One lesson learned from the Sojourner Truth debacle was the need for the city and federal governments to stand firm with unwavering decisions. Vacillation was disconcerting for both blacks and whites, only intensifying the anxiety of newcomers, whose primary concerns were getting jobs and decent housing. Early in 1941, Navy Secretary Frank Knox, to short-circuit racial tension in the defense industry, issued an ultimatum to the naval ordnance stations condemning the refusal of white employees to work with African Americans. Any such refusal, he decreed, would be viewed as disloyalty to the government; by his order, those involved “are not only subject to immediate dismissal but may be prevented from obtaining employment in other establishments engaged in war production.”7 But an official sanction from on high sometimes loses its clout by the time it reaches the plant floor, having very little impact on the animosity among workers.

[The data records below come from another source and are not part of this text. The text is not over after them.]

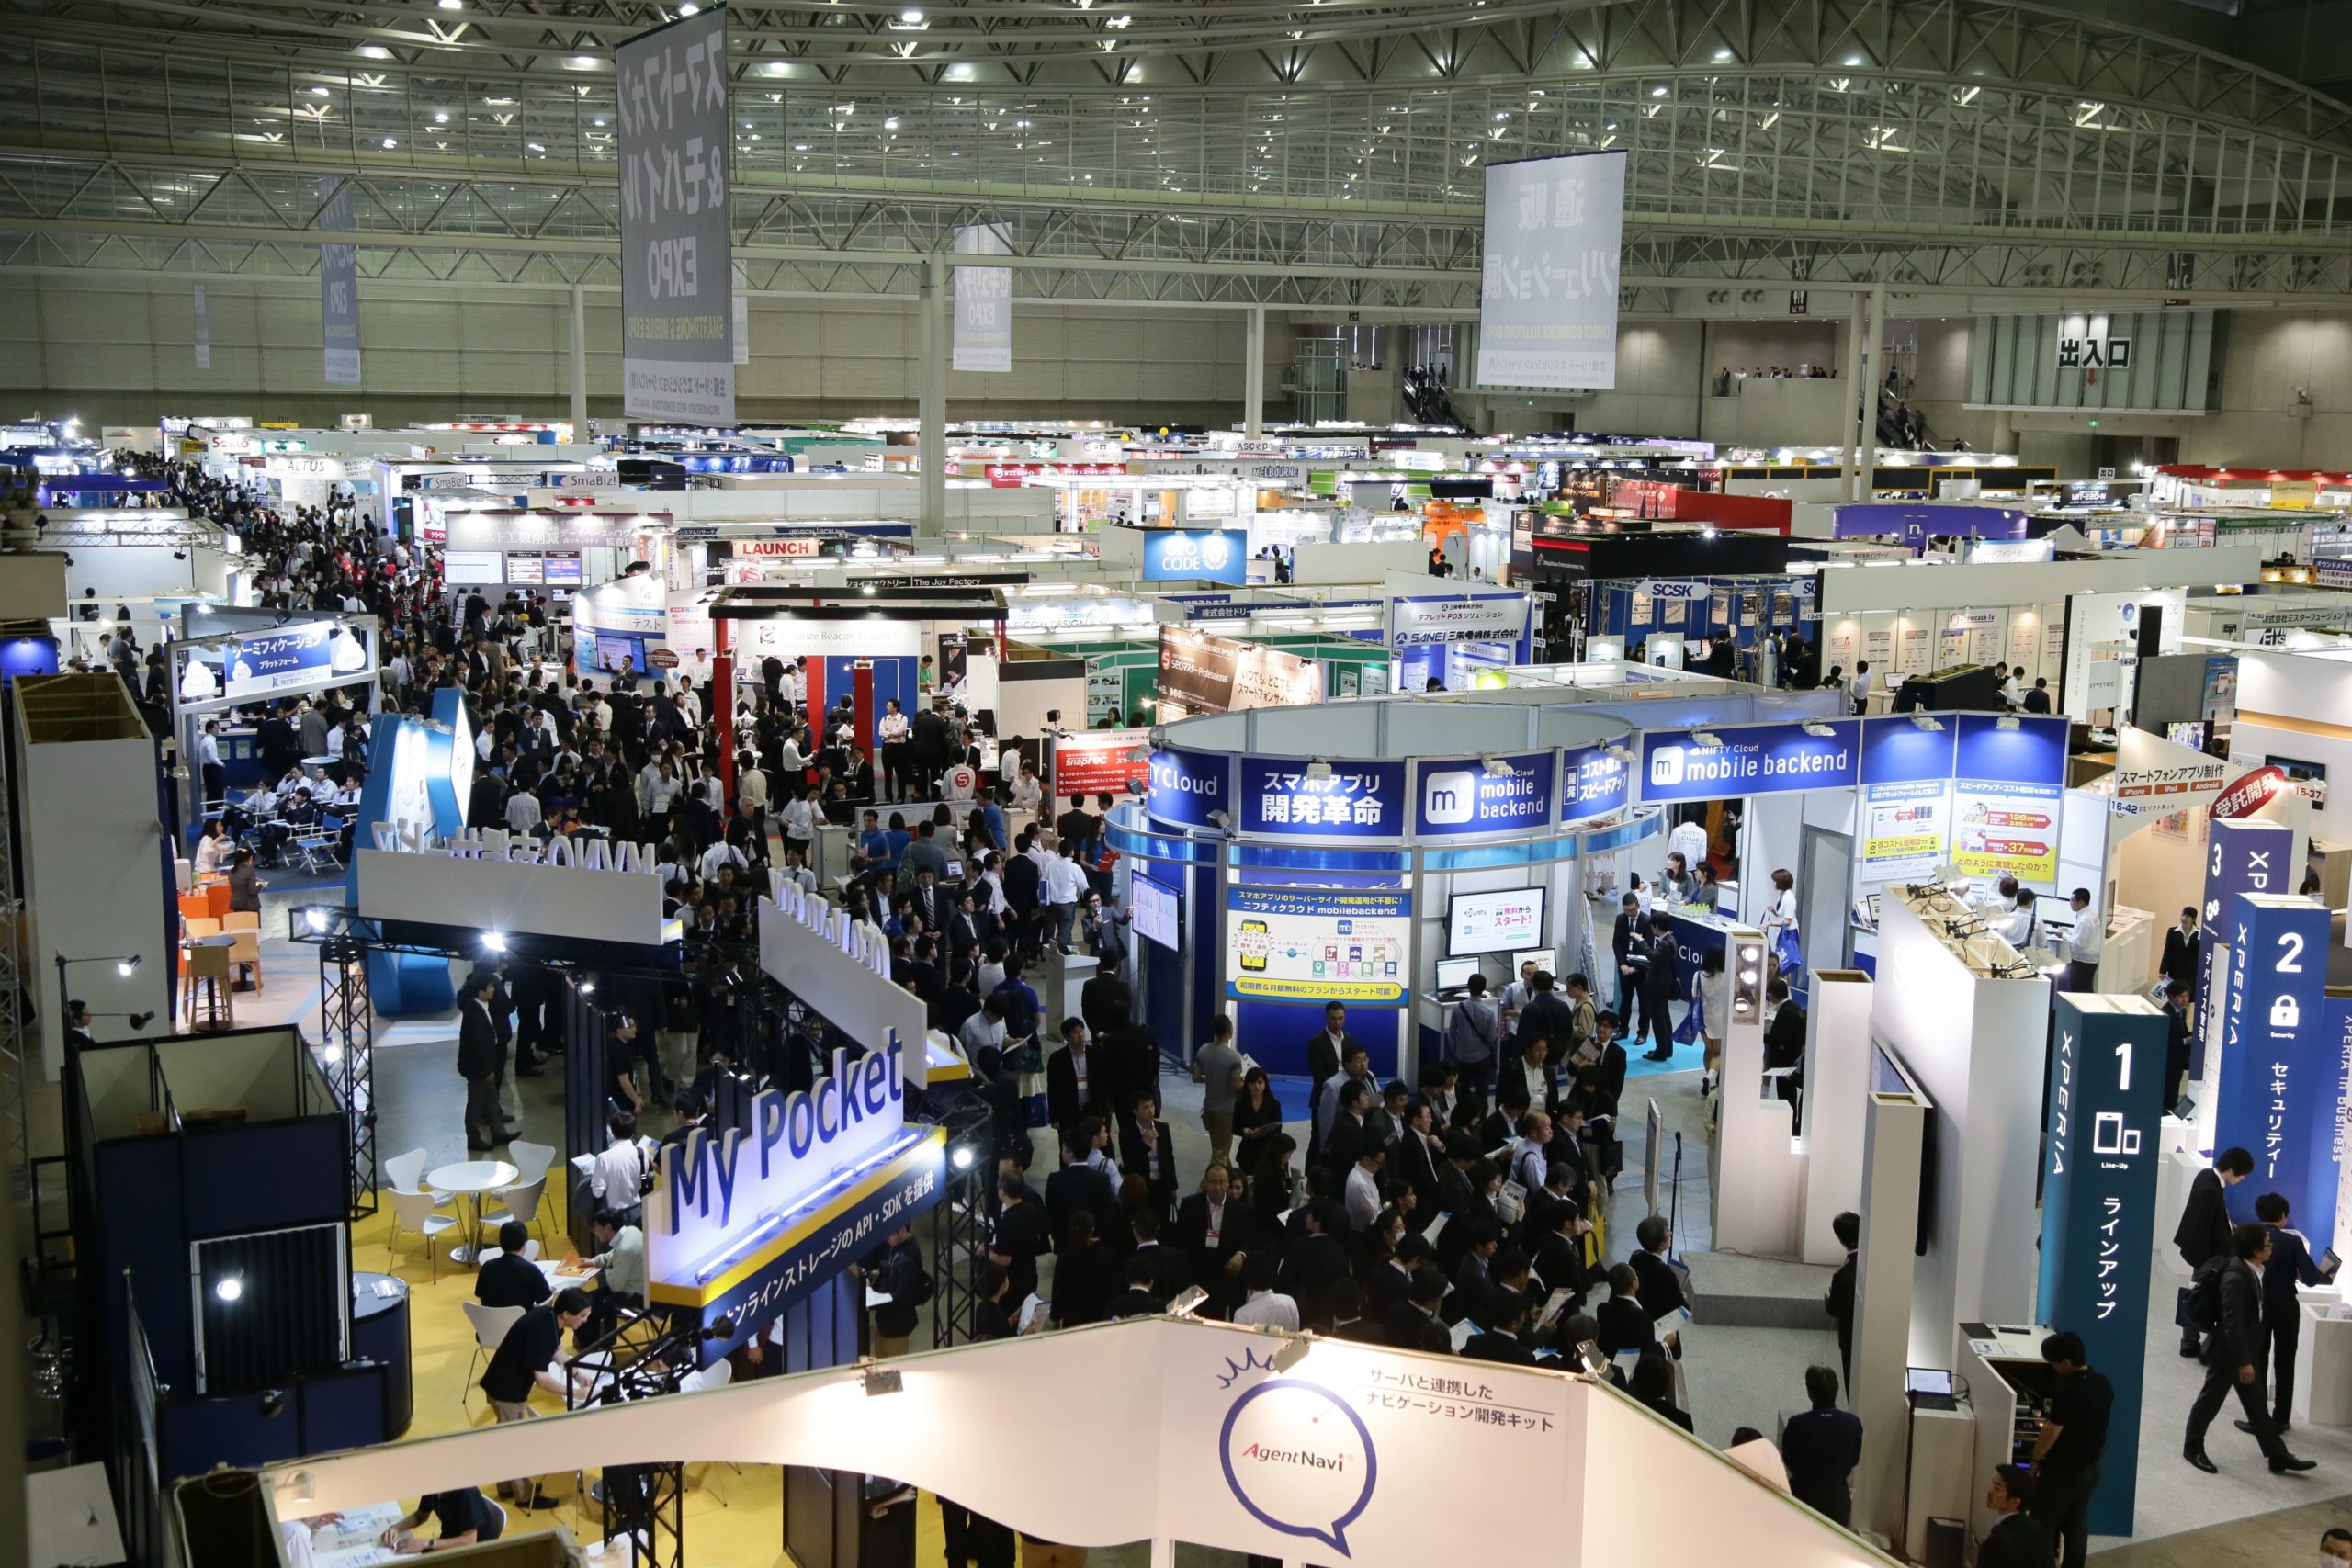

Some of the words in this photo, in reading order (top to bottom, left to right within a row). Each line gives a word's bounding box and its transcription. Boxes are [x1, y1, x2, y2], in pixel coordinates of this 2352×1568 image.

[2059, 338, 2130, 367] 出入口
[288, 460, 325, 472] ALTUS
[1251, 465, 1299, 478] MELBOURNE
[435, 477, 464, 489] SmaBiz!
[571, 476, 616, 487] SmaBiz!
[470, 529, 560, 546] テスト工数削減
[742, 543, 809, 555] LAUNCH
[1162, 558, 1200, 571] CODE
[2316, 559, 2352, 570] オウンドメディ
[914, 578, 930, 586] The
[933, 578, 947, 588] Joy
[949, 578, 981, 588] Factory
[1652, 583, 1693, 597] SCSK
[1418, 614, 1446, 622] タブレット
[1447, 612, 1463, 620] POS
[1464, 611, 1504, 620] ソリューション
[820, 631, 855, 641] Beacon
[1410, 631, 1446, 643] SANEI
[1447, 628, 1519, 642] 三栄電機株式会社
[259, 656, 299, 670] プラットフォーム
[1702, 745, 1731, 756] NIFTY
[1733, 742, 1759, 753] Cloud
[1065, 755, 1108, 768] snaprec
[1687, 753, 1758, 781] mobile
[1763, 748, 1848, 776] backend
[1162, 767, 1218, 796] Cloud
[1264, 772, 1381, 793] スマホアプリ
[2120, 763, 2225, 784] スマートフォンアプリ制作
[1480, 779, 1534, 798] mobile
[1566, 772, 1577, 798] 開発
[1579, 771, 1627, 801] スピードアップ
[2125, 788, 2146, 796] iPhone
[2165, 784, 2178, 793] iPad
[2195, 782, 2220, 790] Android
[2296, 786, 2322, 799] 15-37
[2215, 771, 2278, 819] 受託開発
[1261, 793, 1384, 826] 開発革命
[1480, 795, 1544, 819] backend
[2111, 800, 2138, 814] 16-42
[1957, 857, 2049, 871] どのように実現したのか?
[2211, 842, 2222, 877] 3
[1243, 902, 1315, 914] ニフティクラウド
[1317, 906, 1396, 916] mobilebackend
[1494, 915, 1532, 927] スタート!
[1679, 945, 1703, 964] Clo
[2276, 931, 2304, 973] 2
[2228, 922, 2248, 1045] XPERIA
[2270, 1031, 2295, 1040] Security
[2113, 1043, 2132, 1091] 1
[2052, 1028, 2074, 1176] XPERIA
[2266, 1060, 2290, 1179] セキュリティー
[662, 1128, 741, 1236] My
[752, 1026, 903, 1181] Pocket
[2332, 1095, 2347, 1163] Business
[903, 1169, 934, 1205] を提供
[2094, 1195, 2122, 1321] ラインアップ
[1368, 1367, 1493, 1401] サーバと連携した
[1366, 1392, 1555, 1433] ナビゲーション開発キット
[1242, 1442, 1344, 1472] AgentNavi
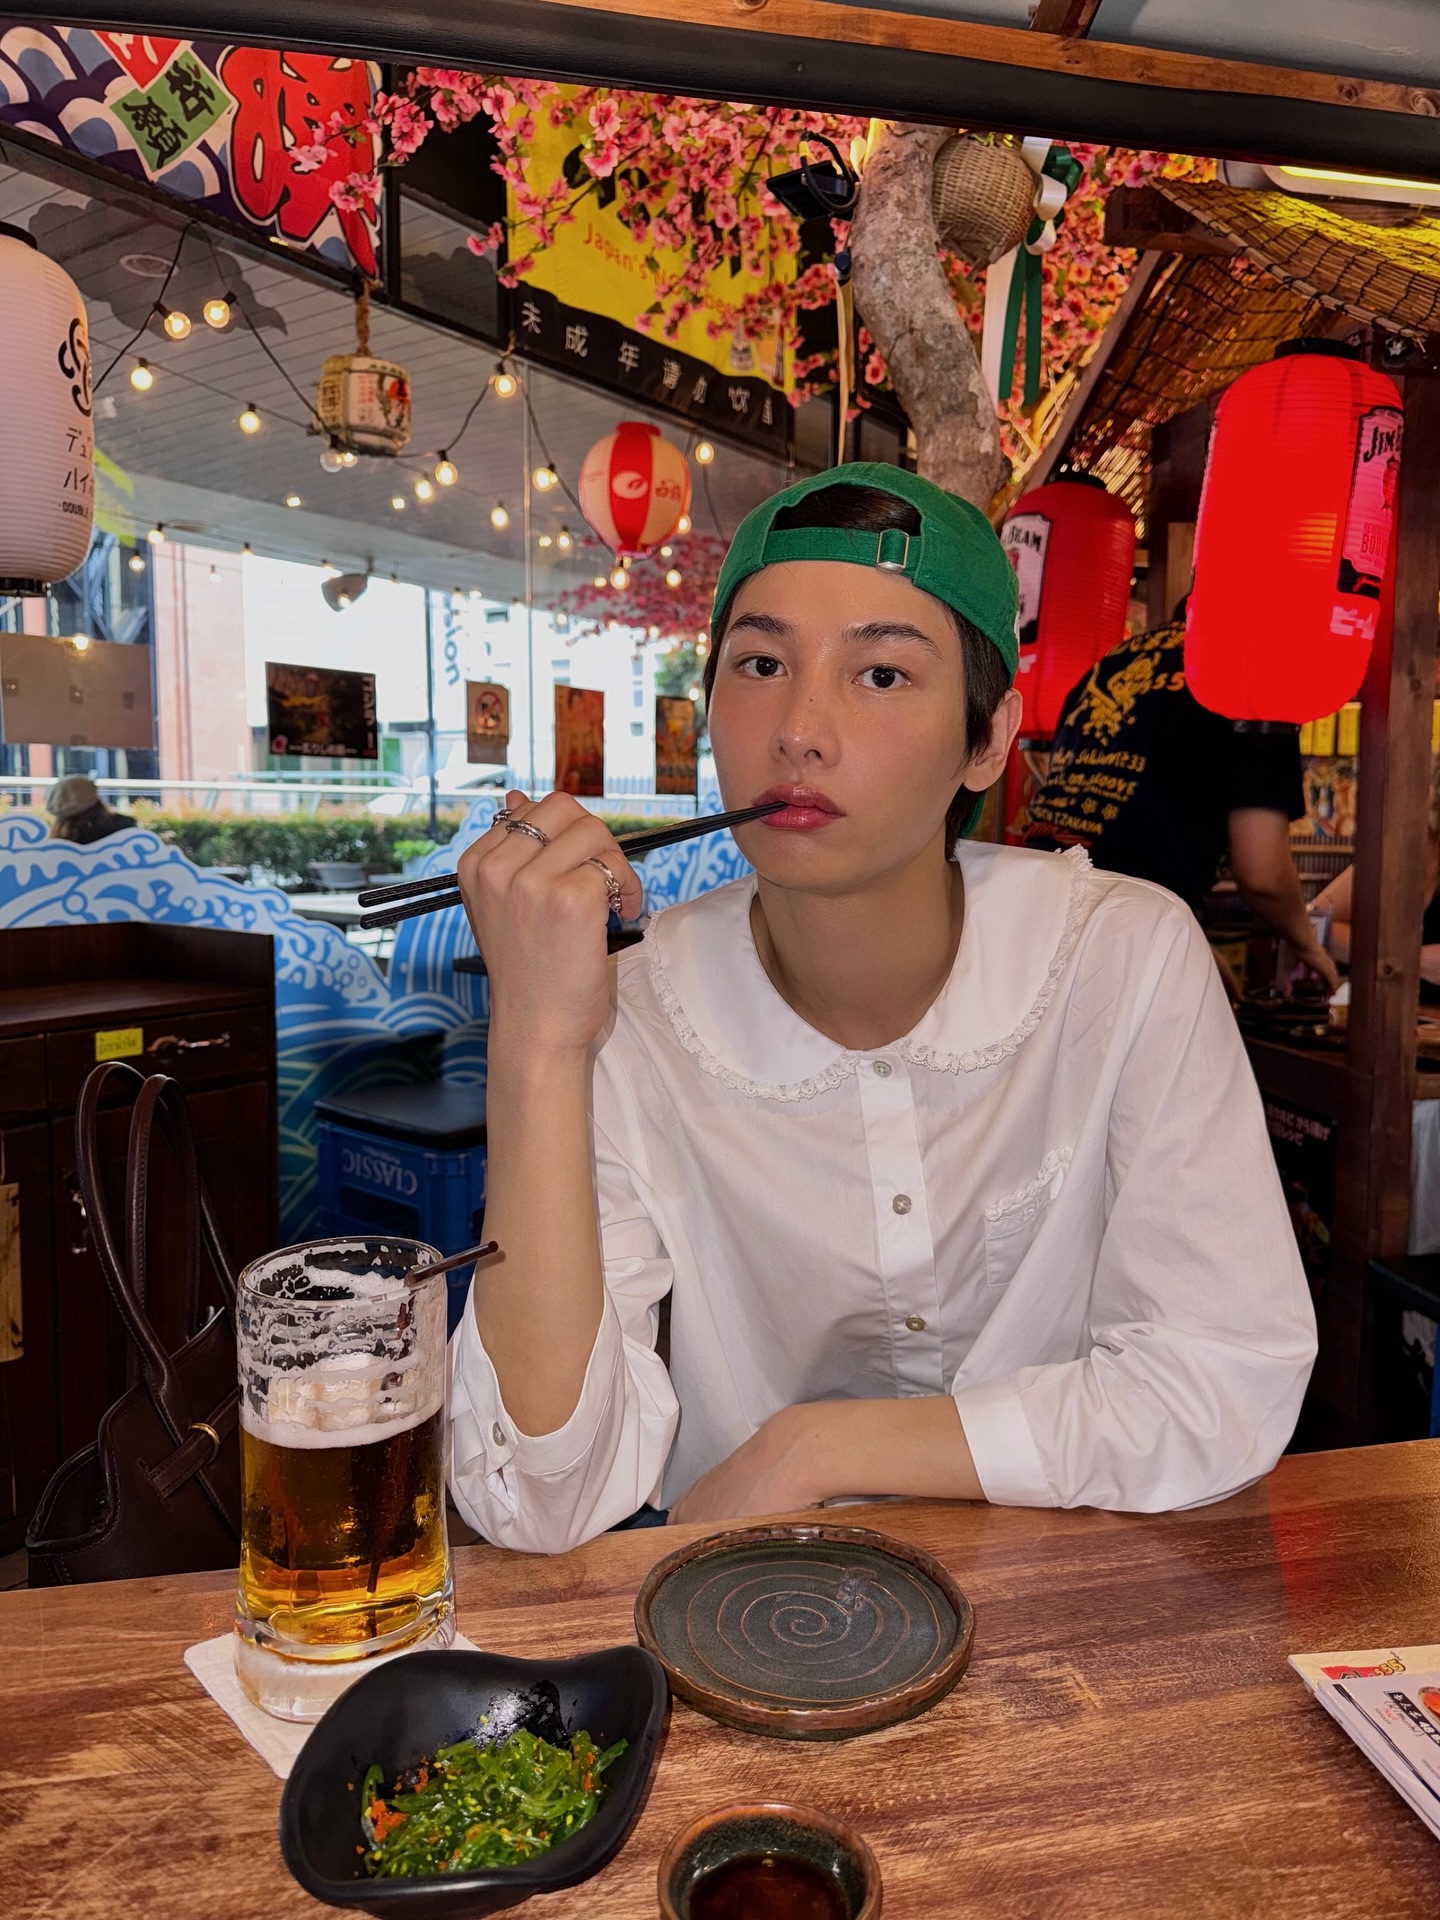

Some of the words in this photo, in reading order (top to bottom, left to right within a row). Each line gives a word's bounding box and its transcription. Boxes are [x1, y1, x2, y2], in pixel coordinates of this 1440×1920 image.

At the Ford, Packard, Dodge, Murray Body, and many other firms, in too many instances the company and the union were on the same page with regard to the treatment of black workers. Management and the unions, faced with the problems of converting production from cars to tanks, as well as the attendant issues of seniority and transfer of workers, sought to avoid dealing with bigotry, tossing that responsibility to the government, which had no day-to-day oversight. Twice in August 1941, a group of Negroes in the Dodge foundry stopped work for a short while to protest management’s arranging for the transfer of only white foundry workers, no Negroes, to production jobs at the Chrysler tank arsenal.8 Movement from the hot, dangerous foundry to the production line was a big step up, and of course, whenever black workers were upgraded, the whites were outraged. In September 1941, when the Packard Motor Company transferred 2 black polishers to defense work, approximately 250 white workers staged a forty-minute sit-down strike, which halted the unit’s operations. A few months later, in January 1942, white workers repeated the action at the Hudson Motor Company.